Work request: Set the whole listing down again, word for word, with no pictures.
--------
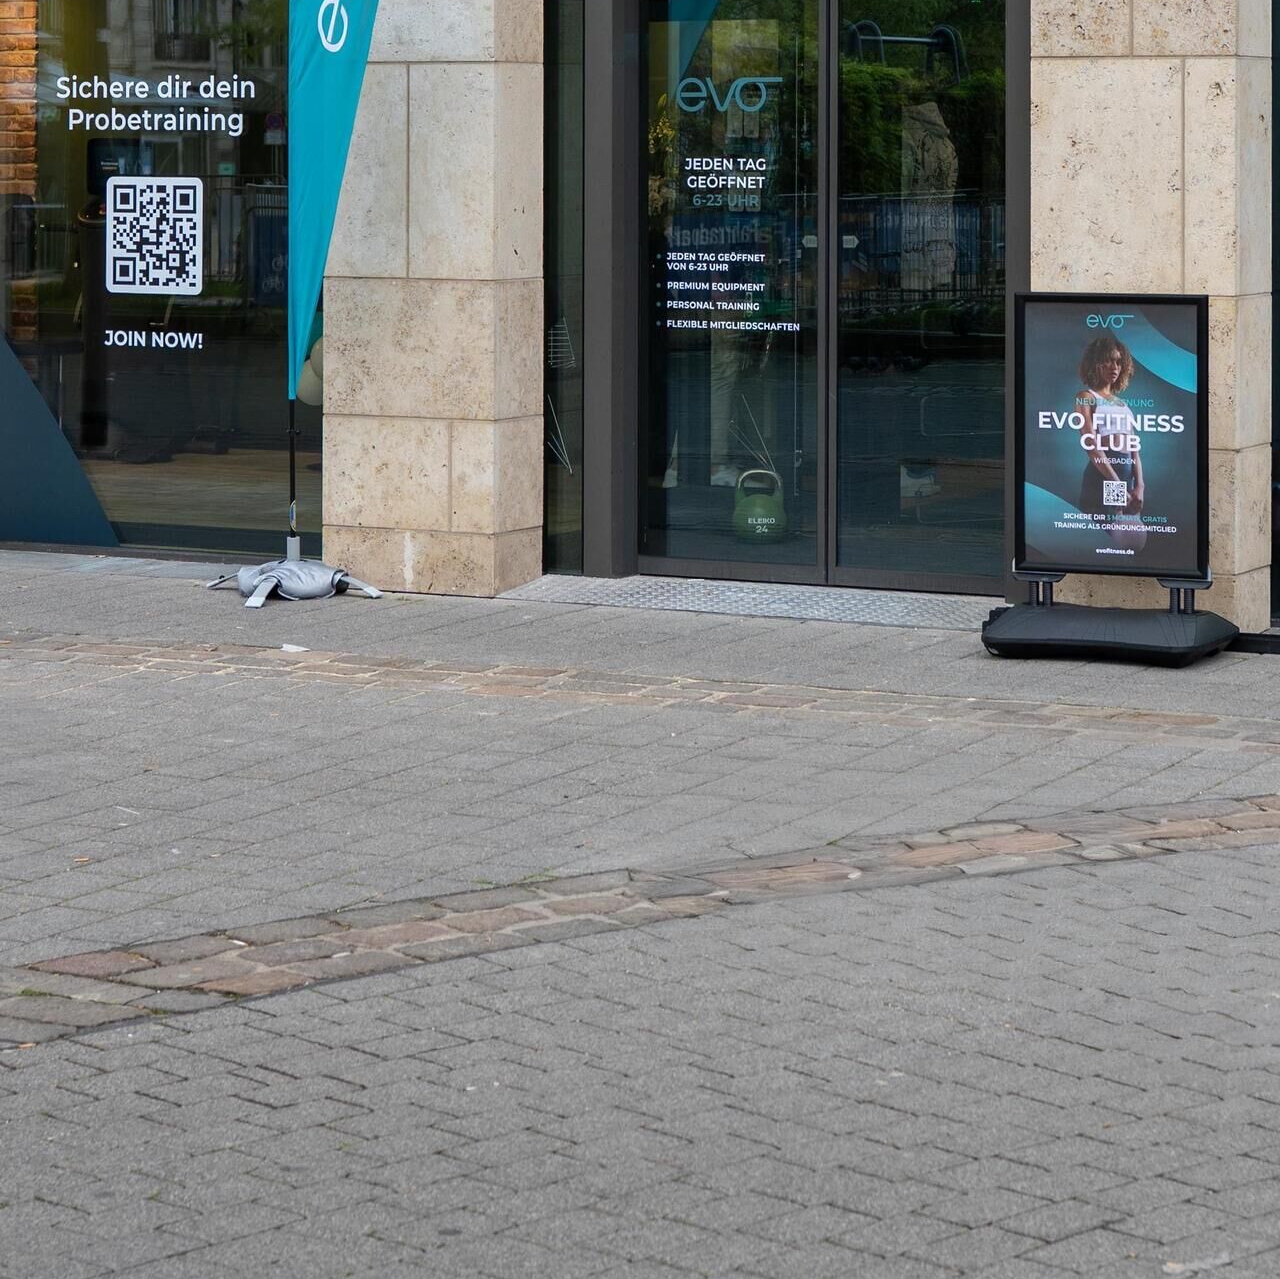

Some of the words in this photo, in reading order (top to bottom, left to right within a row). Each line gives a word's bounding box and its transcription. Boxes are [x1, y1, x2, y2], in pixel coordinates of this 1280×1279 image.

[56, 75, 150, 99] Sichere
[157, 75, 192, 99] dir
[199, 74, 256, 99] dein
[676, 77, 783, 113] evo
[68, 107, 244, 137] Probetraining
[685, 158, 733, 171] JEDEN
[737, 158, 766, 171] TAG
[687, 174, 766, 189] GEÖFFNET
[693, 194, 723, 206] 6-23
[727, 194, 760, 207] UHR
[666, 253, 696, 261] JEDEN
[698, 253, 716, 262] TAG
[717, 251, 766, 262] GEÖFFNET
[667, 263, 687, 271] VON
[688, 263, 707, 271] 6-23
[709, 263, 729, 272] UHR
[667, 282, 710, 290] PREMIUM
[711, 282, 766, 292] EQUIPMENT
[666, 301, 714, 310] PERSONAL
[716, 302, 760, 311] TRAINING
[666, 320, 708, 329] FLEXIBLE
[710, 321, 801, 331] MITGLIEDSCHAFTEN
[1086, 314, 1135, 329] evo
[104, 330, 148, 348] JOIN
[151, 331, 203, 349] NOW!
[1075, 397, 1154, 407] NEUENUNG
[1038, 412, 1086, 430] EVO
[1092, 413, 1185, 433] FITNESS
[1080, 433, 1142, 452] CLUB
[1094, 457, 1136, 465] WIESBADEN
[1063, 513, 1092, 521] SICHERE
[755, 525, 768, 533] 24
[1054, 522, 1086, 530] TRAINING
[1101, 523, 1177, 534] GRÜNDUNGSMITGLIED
--------
Exercise response:
Some of the words in this photo, in reading order (top to bottom, left to right within a row). Each line gives a word's bounding box and its transcription. Boxes are [x1, y1, x2, y2], in pixel coordinates of this 1280×1279 image.

[56, 75, 150, 99] Sichere
[157, 75, 192, 99] dir
[199, 74, 256, 99] dein
[676, 77, 783, 113] evo
[68, 107, 244, 137] Probetraining
[685, 158, 733, 171] JEDEN
[737, 158, 766, 171] TAG
[687, 174, 766, 189] GEÖFFNET
[693, 194, 723, 206] 6-23
[727, 194, 760, 207] UHR
[666, 253, 696, 261] JEDEN
[698, 253, 716, 262] TAG
[717, 251, 766, 262] GEÖFFNET
[667, 263, 687, 271] VON
[688, 263, 707, 271] 6-23
[709, 263, 729, 272] UHR
[667, 282, 710, 290] PREMIUM
[711, 282, 766, 292] EQUIPMENT
[666, 301, 714, 310] PERSONAL
[716, 302, 760, 311] TRAINING
[666, 320, 708, 329] FLEXIBLE
[710, 321, 801, 331] MITGLIEDSCHAFTEN
[1086, 314, 1135, 329] evo
[104, 330, 148, 348] JOIN
[151, 331, 203, 349] NOW!
[1075, 397, 1154, 407] NEUENUNG
[1038, 412, 1086, 430] EVO
[1092, 413, 1185, 433] FITNESS
[1080, 433, 1142, 452] CLUB
[1094, 457, 1136, 465] WIESBADEN
[1063, 513, 1092, 521] SICHERE
[755, 525, 768, 533] 24
[1054, 522, 1086, 530] TRAINING
[1101, 523, 1177, 534] GRÜNDUNGSMITGLIED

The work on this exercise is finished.